Crucial ingredients.

  • Support from governing bodies (high priorities at the College of Natural Science at UOslo and the Physics and Astronomy department of Michigan State University)
  • Cooperation across departmental boundaries
  • Willingness by individuals to give priority to teaching reform

Consensus driven approach.

Implementation in Oslo: The C(omputing in)S(cience)E(Education) project

What we do.

  • Coordinated use of computational exercises and numerical tools in most undergraduate courses.
  • Help update the scientific staff's competence on computational aspects and give support (scientific, pedagogical and financial) to those who wish to revise their courses in a computational direction.
  • Teachers get good summer students to aid in introducing computational exercises
  • Develop courses and exercise modules with a computational perspective, both for students and teachers. New textbooks!!
  • Basic idea: mixture of mathematics, computation, informatics and topics from the physical sciences.

Interesting outcome: higher focus on teaching and pedagogical issues!!

Example of bachelor program, Physics and Astronomy (astro path), University of Oslo





Example: Computations from day one

Differentiation.

Three courses the first semester: MAT1100, MAT-INF1100 og INF1100.

  • Definition of the derivative in MAT1100 (Calculus and analysis)

 
$$ f'(x)=\lim_{h \rightarrow 0}\frac{f(x+h)-f(x)}{h}. $$

 

  • Algorithms to compute the derivative in MAT-INF1100 (Mathematical modelling with computing)

 
$$ f'(x)= \frac{f(x+h)-f(x-h)}{2h}+O(h^2). $$

 

  • Implementation in Python in INF1100

def differentiate(f, x, h=1E-5):
     return (f(x+h) - f(x-h))/(2*h)

Example: Computations from day one

Differentiation and comparison with symbolic expressions.

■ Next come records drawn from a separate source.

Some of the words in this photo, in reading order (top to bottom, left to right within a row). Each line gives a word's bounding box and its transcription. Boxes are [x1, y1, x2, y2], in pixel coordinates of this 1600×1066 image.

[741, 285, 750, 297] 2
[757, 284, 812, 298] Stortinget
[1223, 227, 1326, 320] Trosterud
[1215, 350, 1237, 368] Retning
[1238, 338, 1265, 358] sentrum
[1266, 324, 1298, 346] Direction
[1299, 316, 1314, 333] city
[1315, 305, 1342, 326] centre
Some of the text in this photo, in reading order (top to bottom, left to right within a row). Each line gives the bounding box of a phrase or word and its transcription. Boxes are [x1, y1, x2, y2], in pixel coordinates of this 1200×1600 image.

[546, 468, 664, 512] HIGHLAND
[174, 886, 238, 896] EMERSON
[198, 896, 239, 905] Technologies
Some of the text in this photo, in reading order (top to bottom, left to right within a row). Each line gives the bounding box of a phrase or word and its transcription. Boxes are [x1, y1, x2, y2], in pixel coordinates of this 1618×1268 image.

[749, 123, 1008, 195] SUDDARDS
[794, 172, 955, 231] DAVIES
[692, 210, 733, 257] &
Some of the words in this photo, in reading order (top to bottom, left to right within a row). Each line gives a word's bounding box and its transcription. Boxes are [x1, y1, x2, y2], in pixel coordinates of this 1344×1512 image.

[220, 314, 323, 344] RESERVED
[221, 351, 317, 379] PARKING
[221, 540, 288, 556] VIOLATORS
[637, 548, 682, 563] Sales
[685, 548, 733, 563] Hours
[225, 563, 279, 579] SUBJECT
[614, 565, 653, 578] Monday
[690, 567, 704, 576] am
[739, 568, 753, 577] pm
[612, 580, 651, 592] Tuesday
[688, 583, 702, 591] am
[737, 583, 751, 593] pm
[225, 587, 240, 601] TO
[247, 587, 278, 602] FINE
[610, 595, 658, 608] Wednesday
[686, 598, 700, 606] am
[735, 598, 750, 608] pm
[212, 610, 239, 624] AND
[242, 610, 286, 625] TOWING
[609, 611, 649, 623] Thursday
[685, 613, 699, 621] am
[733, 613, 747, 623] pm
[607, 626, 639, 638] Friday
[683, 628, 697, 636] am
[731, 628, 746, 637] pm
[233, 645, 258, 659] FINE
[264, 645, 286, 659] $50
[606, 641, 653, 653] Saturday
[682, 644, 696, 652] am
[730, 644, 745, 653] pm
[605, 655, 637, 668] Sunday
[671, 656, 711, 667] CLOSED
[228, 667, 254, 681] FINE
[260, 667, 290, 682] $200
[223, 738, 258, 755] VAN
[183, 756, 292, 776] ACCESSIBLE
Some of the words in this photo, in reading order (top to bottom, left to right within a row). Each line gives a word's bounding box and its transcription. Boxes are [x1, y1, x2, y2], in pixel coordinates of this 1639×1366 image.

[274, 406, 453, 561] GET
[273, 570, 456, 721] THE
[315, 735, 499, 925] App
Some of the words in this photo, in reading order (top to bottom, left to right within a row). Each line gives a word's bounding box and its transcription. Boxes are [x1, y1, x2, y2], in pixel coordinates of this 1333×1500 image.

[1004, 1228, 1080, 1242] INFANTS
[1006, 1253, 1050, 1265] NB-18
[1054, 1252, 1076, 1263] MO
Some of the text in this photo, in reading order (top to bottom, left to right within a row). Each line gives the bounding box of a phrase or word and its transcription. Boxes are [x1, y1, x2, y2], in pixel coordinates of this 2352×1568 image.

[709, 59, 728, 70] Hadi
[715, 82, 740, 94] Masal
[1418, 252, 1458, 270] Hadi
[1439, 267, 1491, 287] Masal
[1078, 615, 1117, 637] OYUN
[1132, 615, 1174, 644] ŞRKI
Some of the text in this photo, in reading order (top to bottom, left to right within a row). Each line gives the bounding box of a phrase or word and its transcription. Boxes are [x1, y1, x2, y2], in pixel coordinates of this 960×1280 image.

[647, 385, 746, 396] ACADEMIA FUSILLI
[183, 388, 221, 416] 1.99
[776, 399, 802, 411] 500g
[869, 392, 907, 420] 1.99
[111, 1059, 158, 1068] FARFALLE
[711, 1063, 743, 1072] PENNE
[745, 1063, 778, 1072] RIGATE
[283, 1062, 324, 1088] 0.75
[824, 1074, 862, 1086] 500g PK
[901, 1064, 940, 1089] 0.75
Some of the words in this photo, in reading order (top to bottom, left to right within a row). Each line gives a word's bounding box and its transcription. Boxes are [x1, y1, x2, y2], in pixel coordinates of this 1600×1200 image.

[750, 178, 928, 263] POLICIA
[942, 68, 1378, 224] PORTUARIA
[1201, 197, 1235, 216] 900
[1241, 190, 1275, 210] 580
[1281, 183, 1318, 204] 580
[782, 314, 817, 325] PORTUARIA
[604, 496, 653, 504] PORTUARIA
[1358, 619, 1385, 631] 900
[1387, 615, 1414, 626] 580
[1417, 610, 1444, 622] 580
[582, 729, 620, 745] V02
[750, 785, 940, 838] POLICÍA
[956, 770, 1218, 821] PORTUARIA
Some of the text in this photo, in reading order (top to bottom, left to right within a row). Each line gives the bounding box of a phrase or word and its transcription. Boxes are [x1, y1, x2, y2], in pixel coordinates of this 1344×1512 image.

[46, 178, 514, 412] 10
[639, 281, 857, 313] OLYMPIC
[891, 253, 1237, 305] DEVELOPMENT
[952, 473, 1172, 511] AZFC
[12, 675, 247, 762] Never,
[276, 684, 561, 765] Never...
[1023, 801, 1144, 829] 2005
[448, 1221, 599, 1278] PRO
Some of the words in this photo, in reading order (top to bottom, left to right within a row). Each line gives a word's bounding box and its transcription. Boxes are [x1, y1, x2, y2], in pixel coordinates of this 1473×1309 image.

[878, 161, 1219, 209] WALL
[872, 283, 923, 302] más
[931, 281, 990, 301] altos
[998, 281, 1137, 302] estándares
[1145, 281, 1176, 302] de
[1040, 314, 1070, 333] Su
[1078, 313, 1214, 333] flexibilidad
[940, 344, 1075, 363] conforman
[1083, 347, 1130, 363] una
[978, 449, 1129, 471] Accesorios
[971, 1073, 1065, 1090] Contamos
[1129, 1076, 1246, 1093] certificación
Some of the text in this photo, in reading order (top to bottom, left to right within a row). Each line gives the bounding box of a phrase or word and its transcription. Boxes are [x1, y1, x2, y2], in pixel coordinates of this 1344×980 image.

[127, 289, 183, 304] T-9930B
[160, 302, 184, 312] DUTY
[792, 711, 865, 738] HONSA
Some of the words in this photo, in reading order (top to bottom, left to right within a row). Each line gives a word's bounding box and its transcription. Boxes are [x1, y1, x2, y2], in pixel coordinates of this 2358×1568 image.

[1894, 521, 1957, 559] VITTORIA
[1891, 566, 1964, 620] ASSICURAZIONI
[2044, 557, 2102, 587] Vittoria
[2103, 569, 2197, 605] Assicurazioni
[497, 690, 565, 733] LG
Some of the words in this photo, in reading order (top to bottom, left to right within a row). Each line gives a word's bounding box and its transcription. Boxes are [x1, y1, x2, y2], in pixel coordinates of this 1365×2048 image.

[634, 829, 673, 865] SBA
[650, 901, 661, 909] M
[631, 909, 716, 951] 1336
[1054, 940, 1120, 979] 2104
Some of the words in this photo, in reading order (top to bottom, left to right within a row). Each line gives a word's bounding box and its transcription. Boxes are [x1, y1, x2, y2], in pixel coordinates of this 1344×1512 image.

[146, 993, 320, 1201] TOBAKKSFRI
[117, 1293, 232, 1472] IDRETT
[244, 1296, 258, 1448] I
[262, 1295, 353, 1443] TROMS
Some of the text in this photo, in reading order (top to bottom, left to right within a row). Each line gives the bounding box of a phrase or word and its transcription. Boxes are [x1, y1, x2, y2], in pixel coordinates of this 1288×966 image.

Combined with the possibility of symbolic calculations with Sympy, Python offers an environment where students and teachers alike can test many different aspects of mathematics and numerical mathematics, in addition to being able to verify and validate their codes. The following simple example shows how to extend the simple function for computing the numerical derivative with the possibility of obtaining the closed form or analytical expression

def differentiate(f, x, h=1E-5, symbolic=False):
    if symbolic:
        import sympy
        return sympy.lambdify([x], sympy.diff(f, x))
    else:
        return (f(x+h) - f(x-h))/(2*h)

Other Examples

Integration by Trapezoidal Rule.

  • Definition of integration in MAT1100 (Calculus and analysis).
  • The algorithm for computing the integral vha the Trapezoidal rule for an interval \( x \in [a,b] \)

 
$$ \int_a^b(f(x) dx \approx \frac{1}{2}\left [f(a)+2f(a+h)+\dots+2f(b-h)+f(b)\right] $$

 

  • Taught in MAT-INF1100 (Mathematical modelling)
  • The algorithm is then implemented in INF1100 (programming course).

Typical implementation first semester of study

Integration by Trapezoidal Rule.

from math import exp, log, sin
def Trapez(a,b,f,n):
   h = (b-a)/float(n)
   s = 0
   x = a
   for i in range(1,n,1):
       x = x+h
       s = s+ f(x)
   s = 0.5*(f(a)+f(b)) +s
   return h*s

def f1(x):
    return exp(-x*x)*log(1+x*sin(x))

a = 1;  b = 3; n = 1000
result = Trapez(a,b,f1,n)
print(result)

Symbolic calculations and numerical calculations in one code

Python offers an extremely versatile programming environment, allowing for the inclusion of analytical studies in a numerical program. Here we show an example code with the trapezoidal rule using SymPy to evaluate an integral and compute the absolute error with respect to the numerically evaluated one of the integral \( \int_0^1 dx x^2 = 1/3 \):

Error analysis

The following extended version of the trapezoidal rule allows you to plot the relative error by comparing with the exact result. By increasing to \( 10^8 \) points one arrives at a region where numerical errors start to accumulate.

Integrating numerical mathematics with calculus

The last example shows the potential of combining numerical algorithms with symbolic calculations, allowing thereby students and teachers to

  • Validate and verify their algorithms.
  • Including concepts like unit testing, one has the possibility to test and validate several or all parts of the code.
  • Validation and verification are then included naturally and one can develop a better attitude to what is meant with an ethically sound scientific approach.
  • The above example allows the student to also test the mathematical error of the algorithm for the trapezoidal rule by changing the number of integration points. The students get trained from day one to think error analysis.
  • With an Jupyter/Ipython notebook the students can keep exploring similar examples and turn them in as their own notebooks.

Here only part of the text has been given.